[Phrase grounding data]
────────────────────

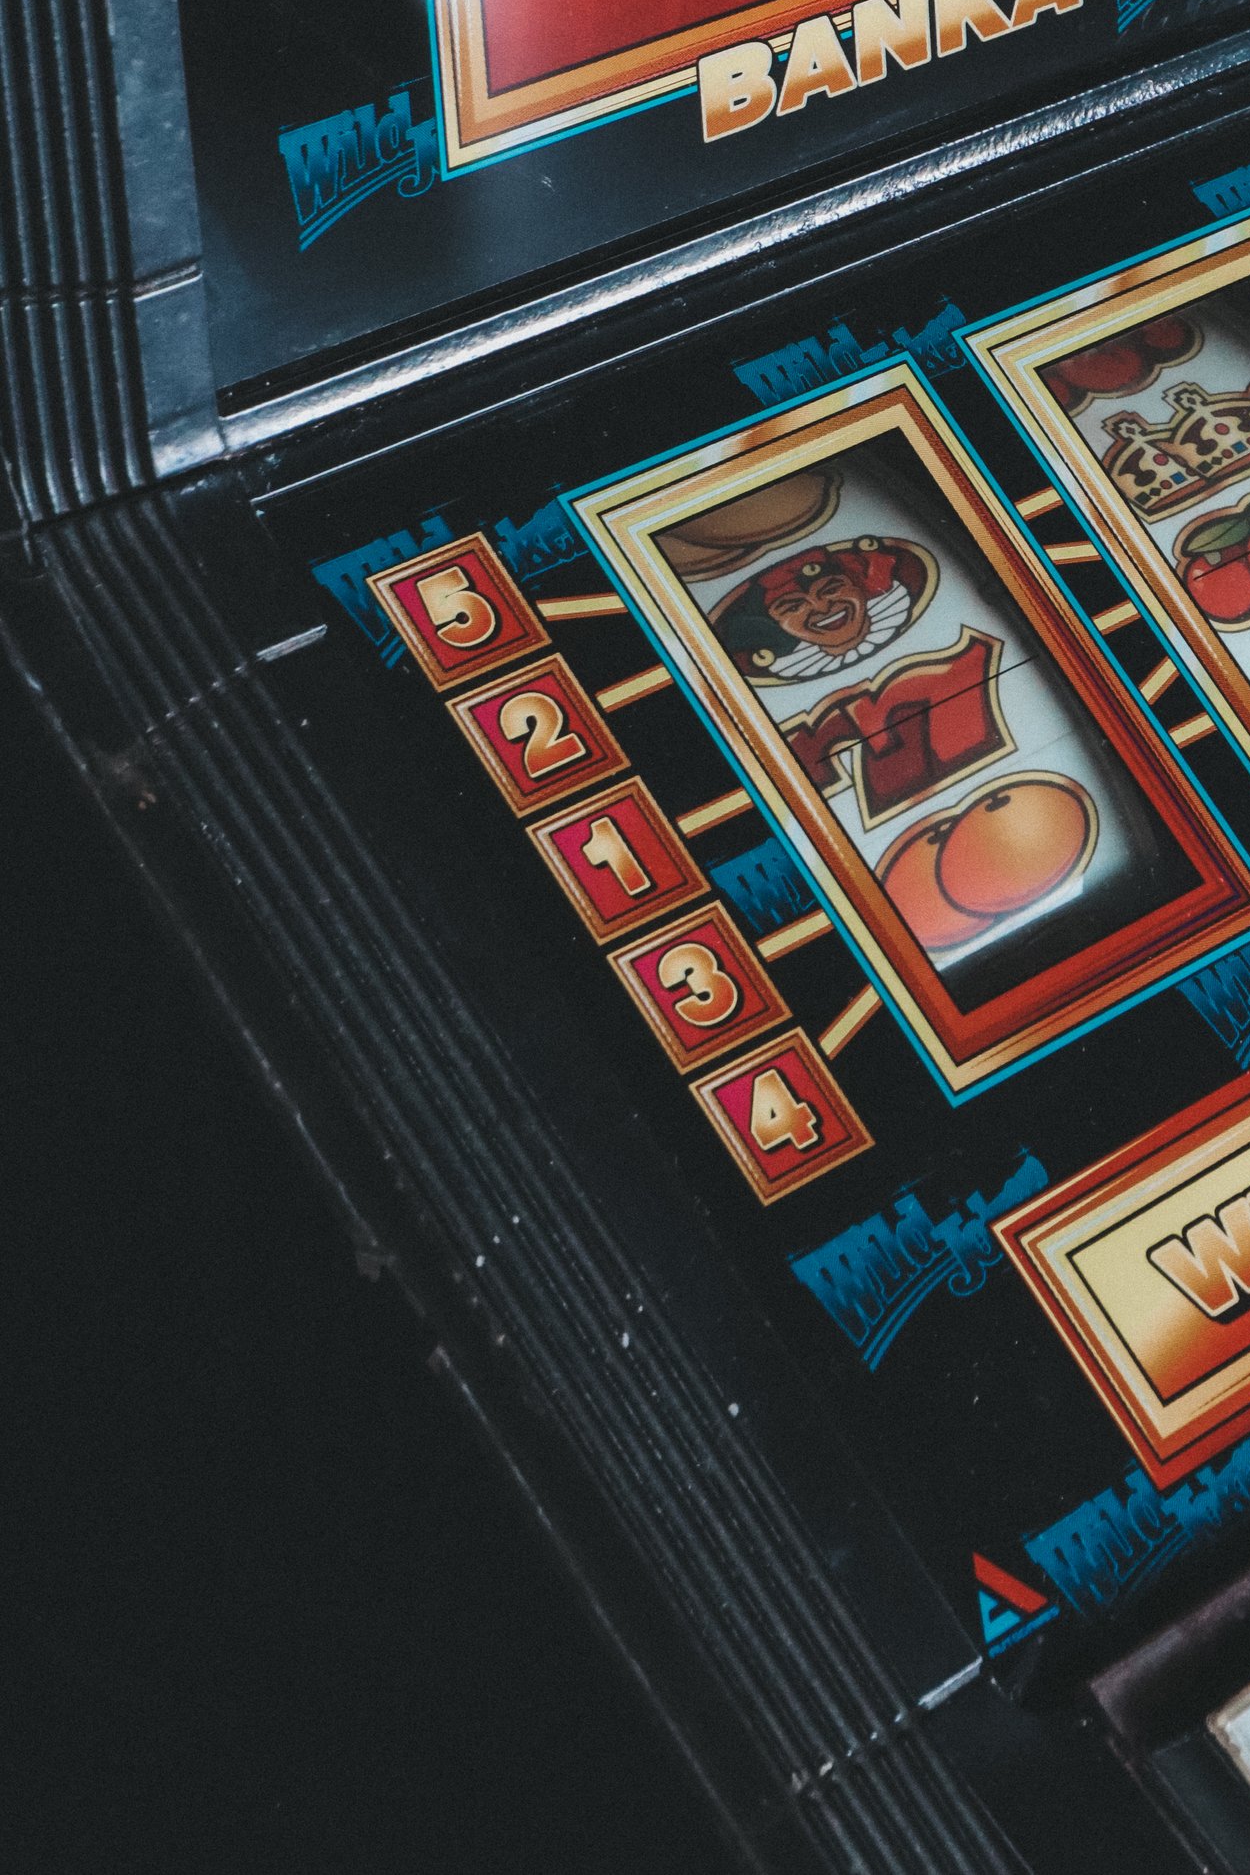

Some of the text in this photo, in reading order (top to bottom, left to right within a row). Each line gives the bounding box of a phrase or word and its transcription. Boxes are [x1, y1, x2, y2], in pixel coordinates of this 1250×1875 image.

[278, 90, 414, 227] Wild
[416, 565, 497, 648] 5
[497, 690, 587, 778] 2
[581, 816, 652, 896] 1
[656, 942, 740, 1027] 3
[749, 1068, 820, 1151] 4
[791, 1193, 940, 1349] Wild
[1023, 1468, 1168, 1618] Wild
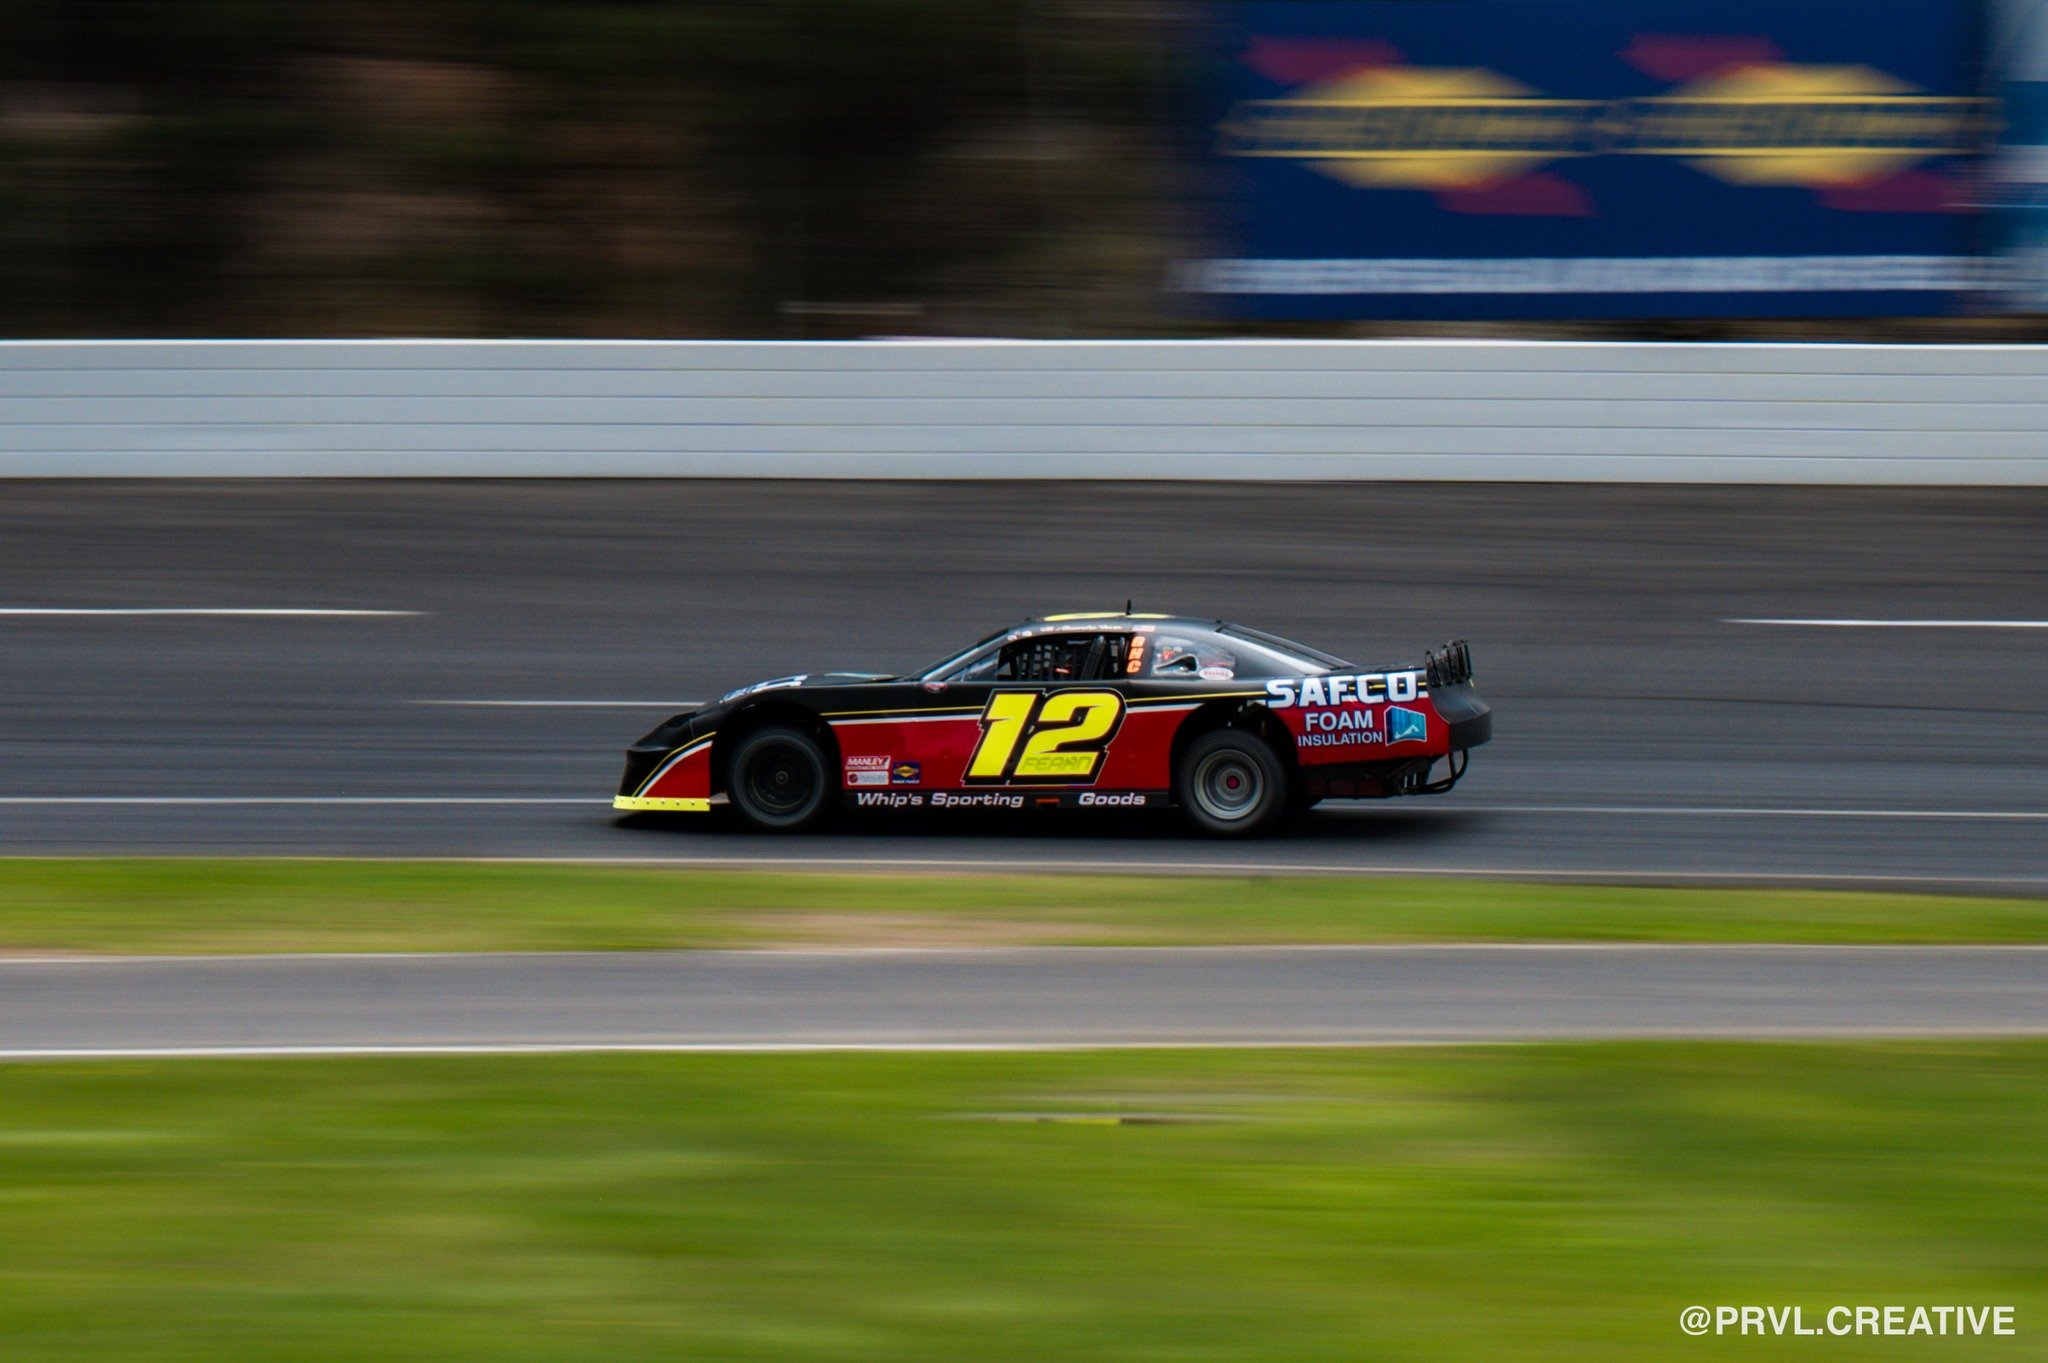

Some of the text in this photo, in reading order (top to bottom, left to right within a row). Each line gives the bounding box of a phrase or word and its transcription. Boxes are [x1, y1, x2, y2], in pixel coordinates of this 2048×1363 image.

────────────────────

### Work instruction
Exact duplicates of all the entries are required, and no image may appear in them.

### Result for this task
Some of the text in this photo, in reading order (top to bottom, left to right within a row). Each line gives the bounding box of a phrase or word and its transcription. Boxes are [x1, y1, x2, y2], in pixel coordinates of this 1250×1875 image.

[278, 90, 414, 227] Wild
[416, 565, 497, 648] 5
[497, 690, 587, 778] 2
[581, 816, 652, 896] 1
[656, 942, 740, 1027] 3
[749, 1068, 820, 1151] 4
[791, 1193, 940, 1349] Wild
[1023, 1468, 1168, 1618] Wild

Some of the text in this photo, in reading order (top to bottom, left to right within a row). Each line gives the bounding box of a phrase or word and its transcription. Boxes are [x1, y1, x2, y2], in pixel coordinates of this 2048×1363 image.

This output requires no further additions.